• _TASK REQUIREMENTS_
Would you repeat every entry below word for word but drop the images?

• _SUPPLIED RECORDS_
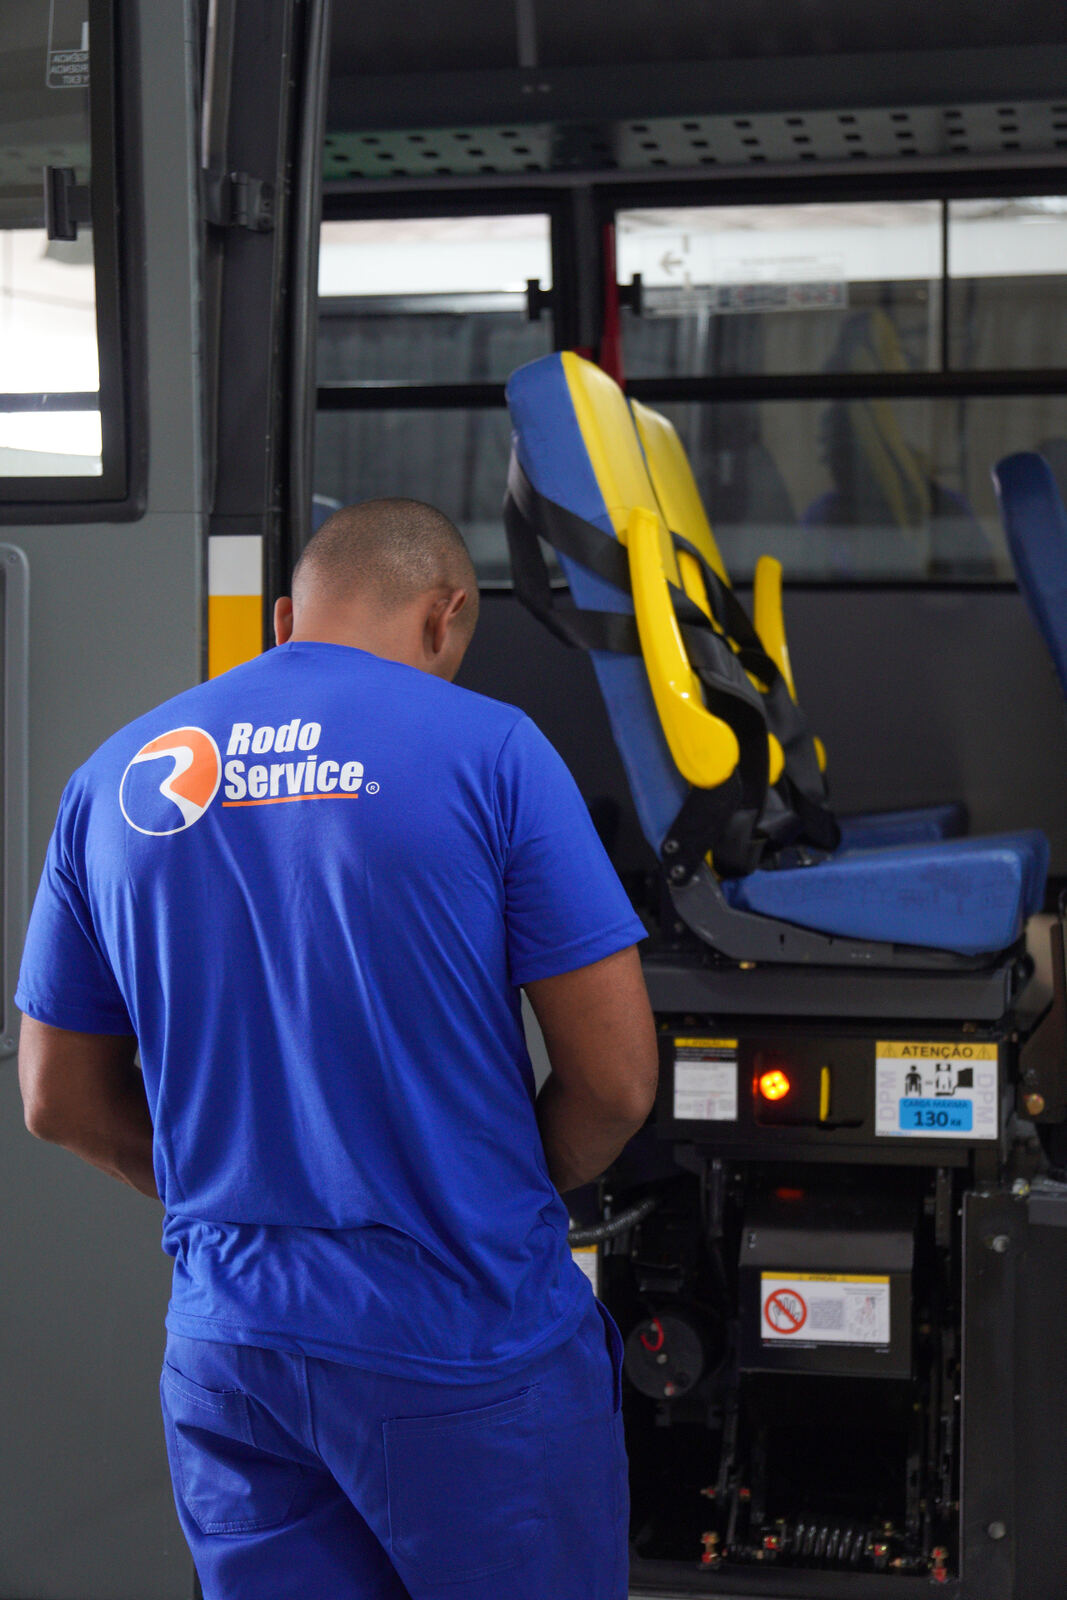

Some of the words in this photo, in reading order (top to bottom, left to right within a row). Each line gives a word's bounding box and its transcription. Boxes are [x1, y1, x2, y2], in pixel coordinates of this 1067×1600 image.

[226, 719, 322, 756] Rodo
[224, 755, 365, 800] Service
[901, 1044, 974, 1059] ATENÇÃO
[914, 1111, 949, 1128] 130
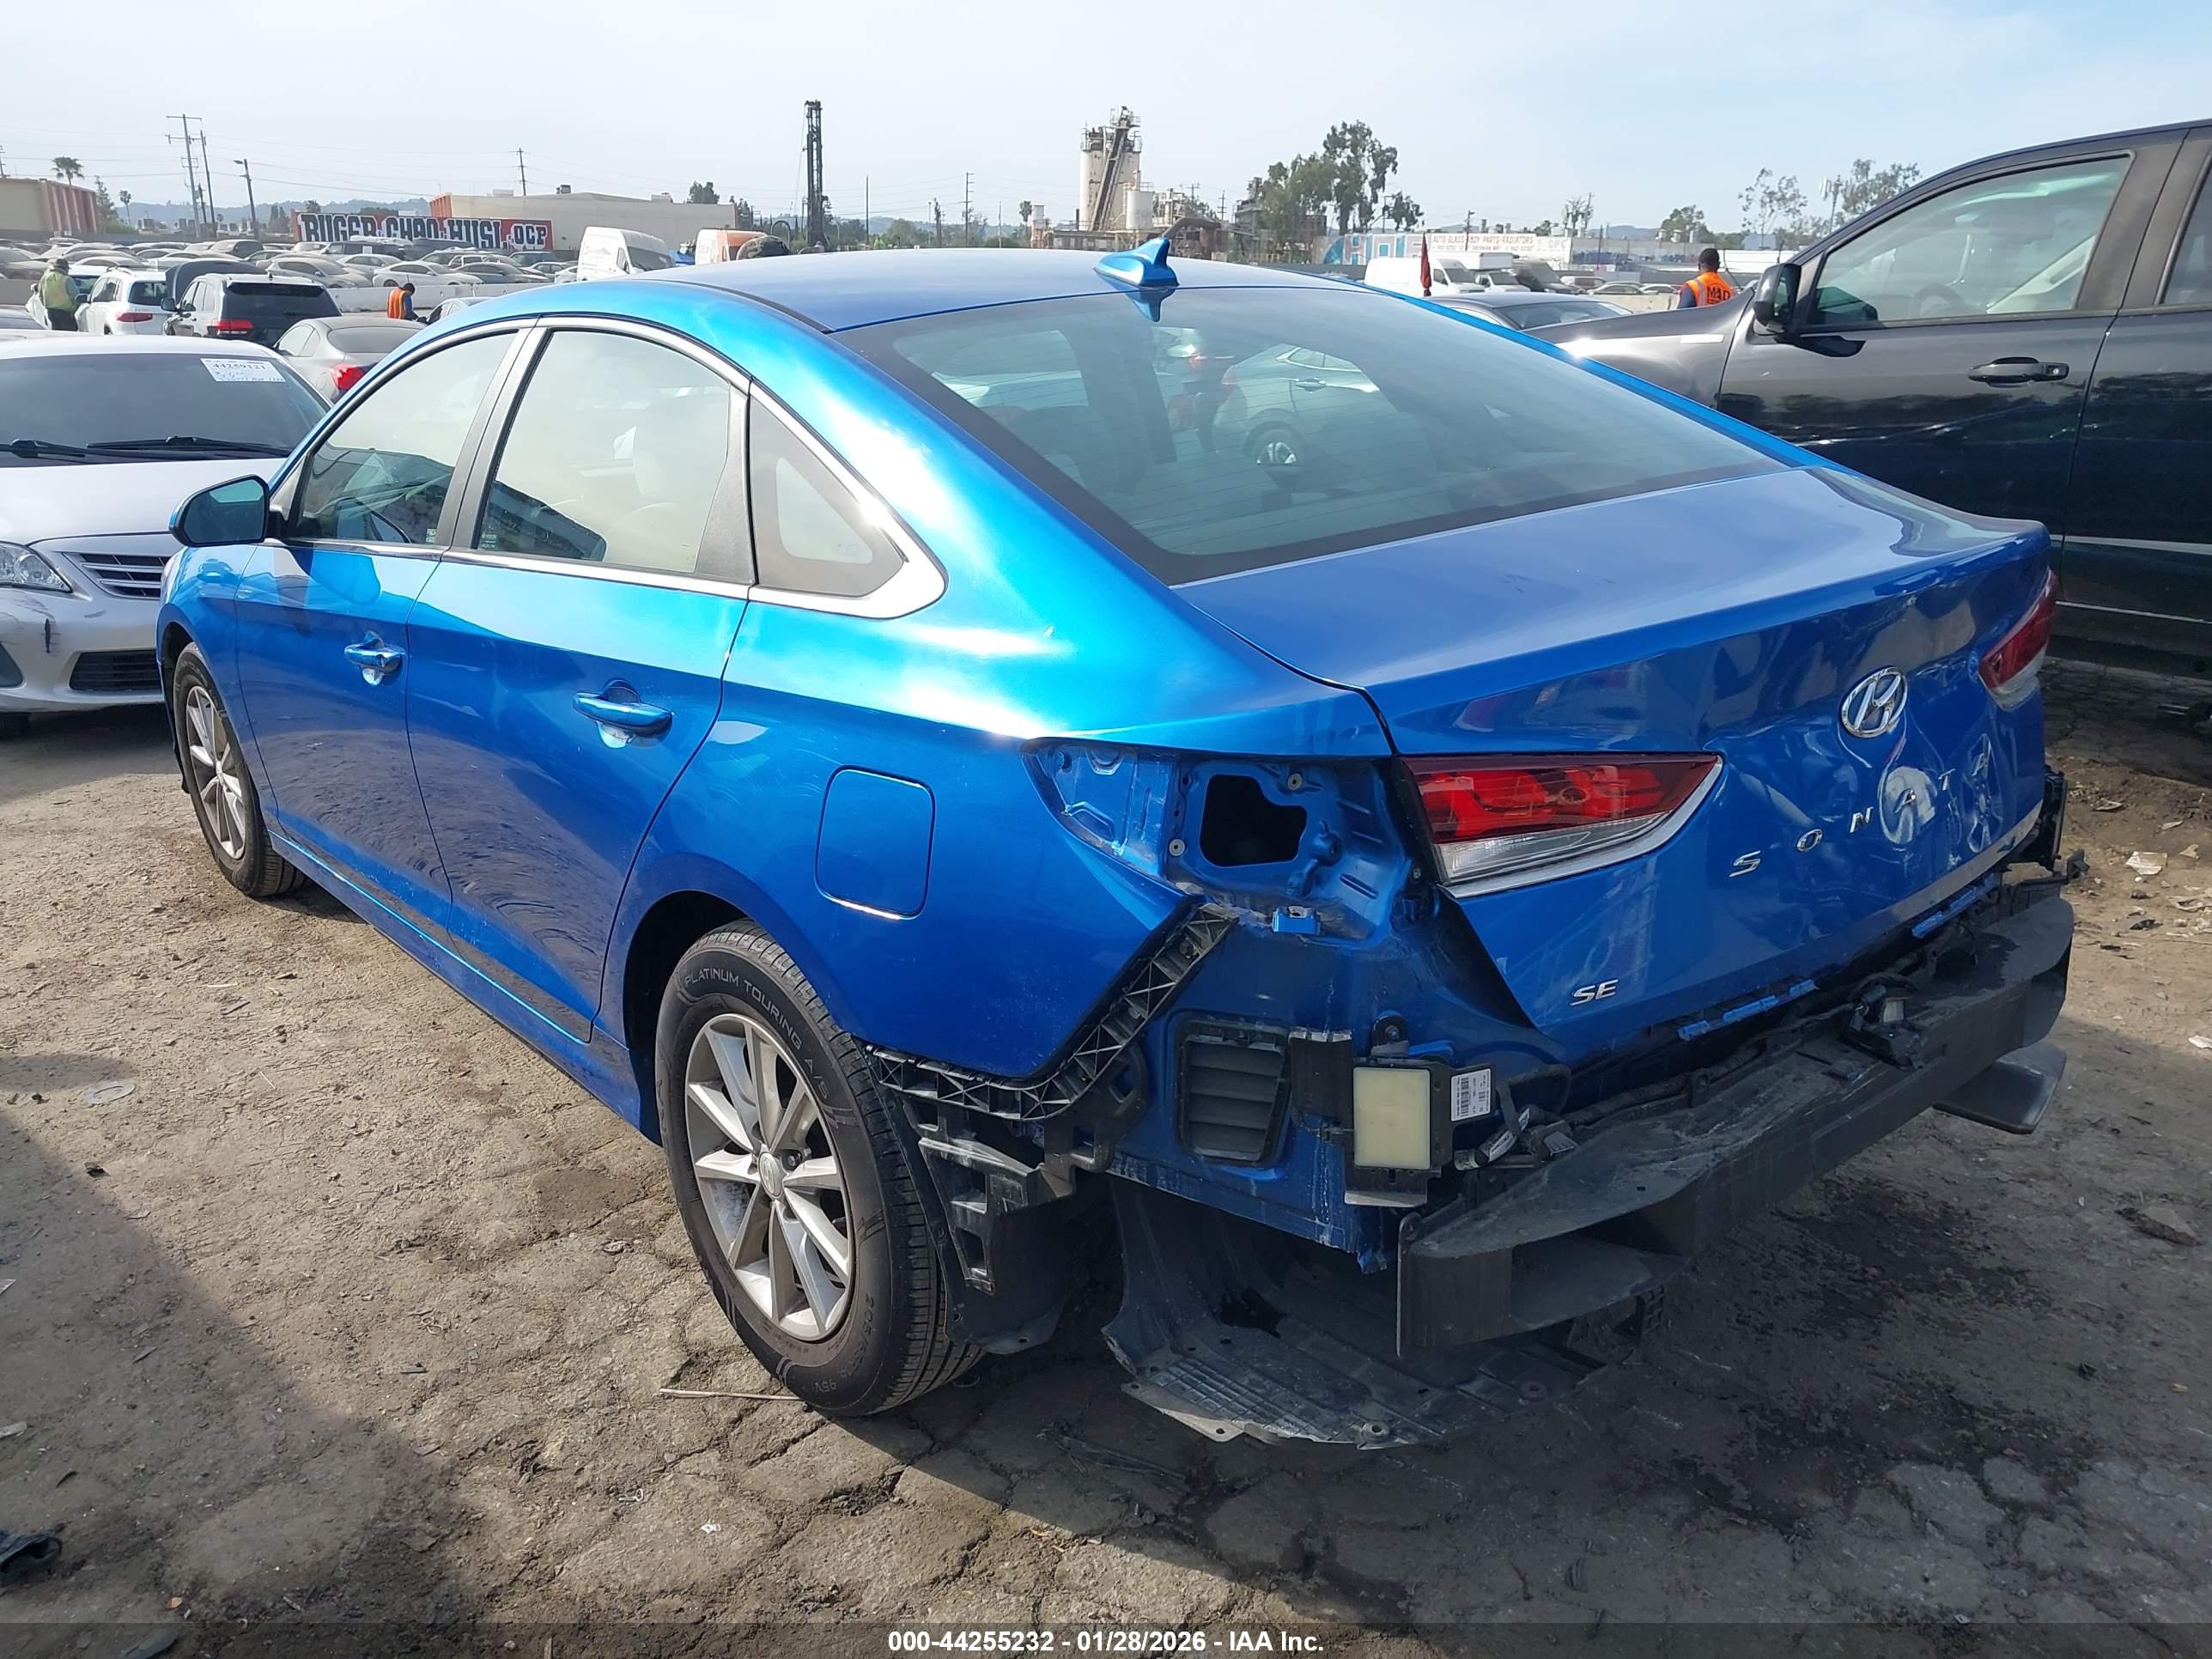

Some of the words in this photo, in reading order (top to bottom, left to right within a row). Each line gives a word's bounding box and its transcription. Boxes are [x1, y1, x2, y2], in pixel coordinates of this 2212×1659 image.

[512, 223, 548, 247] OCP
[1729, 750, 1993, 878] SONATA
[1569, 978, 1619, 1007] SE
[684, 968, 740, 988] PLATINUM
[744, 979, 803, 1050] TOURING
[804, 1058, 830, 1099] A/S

• _RESPONSE AREA_
Some of the words in this photo, in reading order (top to bottom, left to right within a row). Each line gives a word's bounding box and its transcription. Boxes are [x1, y1, x2, y2], in pixel coordinates of this 1067×1600 image.

[226, 719, 322, 756] Rodo
[224, 755, 365, 800] Service
[901, 1044, 974, 1059] ATENÇÃO
[914, 1111, 949, 1128] 130

Some of the words in this photo, in reading order (top to bottom, left to right within a row). Each line gives a word's bounding box and its transcription. Boxes are [x1, y1, x2, y2], in pixel coordinates of this 2212×1659 image.

[512, 223, 548, 247] OCP
[1729, 750, 1993, 878] SONATA
[1569, 978, 1619, 1007] SE
[684, 968, 740, 988] PLATINUM
[744, 979, 803, 1050] TOURING
[804, 1058, 830, 1099] A/S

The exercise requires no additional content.